Written by Angela Ysseldyk CNP, BA
Acne is an incredibly common skin condition, affecting people of all ages. The physical appearance of acne is a symptom of an imbalance occurring in the body. There are various causes of acne including clogged pores, excess oil production, an imbalance in bacteria, and hormonal imbalances. Things that can make your acne worse include hormonal changes during different stages of your cycle, certain medications, diet, and STRESS.1
Everyone’s skin is different, so it is important to speak with a health care practitioner for questions specific to your skin health. As clear-skin enthusiasts, we have read up on what foods may help your body at a foundational level.

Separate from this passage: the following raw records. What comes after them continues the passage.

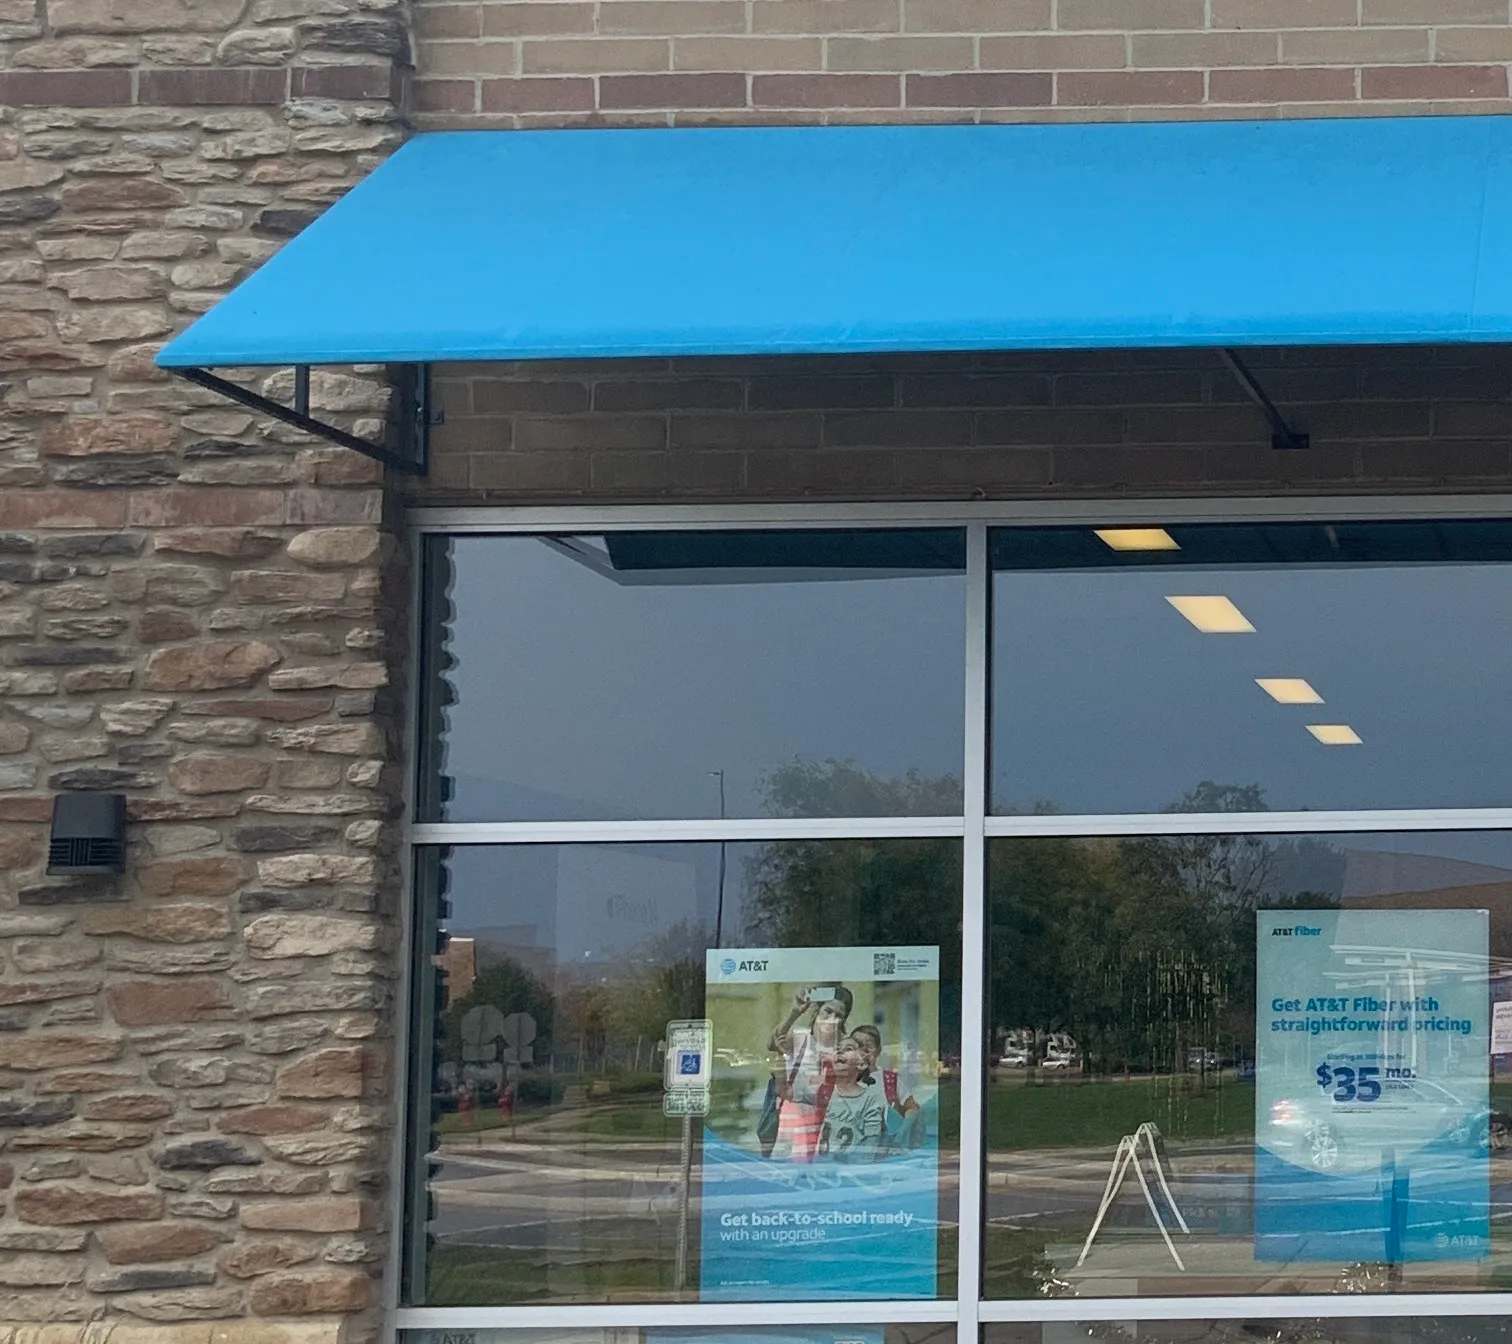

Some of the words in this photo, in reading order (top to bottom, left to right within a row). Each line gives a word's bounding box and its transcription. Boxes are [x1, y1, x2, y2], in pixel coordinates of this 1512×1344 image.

[1271, 928, 1293, 936] AT&T
[1294, 925, 1322, 936] fiber
[738, 960, 769, 972] AT&T
[1271, 998, 1300, 1012] Get
[1305, 997, 1349, 1012] AT&T
[1353, 997, 1394, 1012] Fiber
[1400, 996, 1439, 1012] with
[1271, 1016, 1408, 1035] straightforward
[1414, 1016, 1472, 1035] pricing
[1316, 1062, 1382, 1102] $35
[1385, 1067, 1417, 1079] mo.
[720, 1212, 749, 1227] Get
[751, 1210, 867, 1227] back-to-school
[870, 1210, 914, 1227] ready
[720, 1228, 749, 1241] with
[751, 1230, 769, 1241] an
[770, 1227, 826, 1243] upgrade
[1450, 1235, 1479, 1246] AT&T

- Probiotic-rich foods – studies are showing promising results with the inclusion of probiotics in patients suffering from acne.2
- Eat a healthy, low-glycemic diet - There’s evidence that eating a low glycemic diet, meaning one that doesn’t include lots of processed grains/flour products and added sugar, is one the best home remedies for acne because it can help prevent it.3
- Healthy fats - are essential to good skin health, so include foods rich in omega-3s like wild-caught salmon.
- Zinc-rich foods (pumpkin seeds, kefir, seafood, beans) – according to recent research, there is a correlation between low zinc levels and the severity of acne.4
- Vitamin A-rich foods (sweet potato, spinach, carrots) – similarly to zinc, research has shown a correlation between low vitamin A levels and an increase in acne.5
If you have identified yourself as suffering from stress related acne, then we would suggest implementing some lifestyle techniques like mediation, yoga, and scheduling in breaks for yourself throughout the day. To help relieve the symptoms of stress you may want to try Adrenasmart as an added supplement to your daily routine.
As hormones play a role in our skin health, Estrosmart is great supplement to maintain a healthy estrogen-to-progesterone balance.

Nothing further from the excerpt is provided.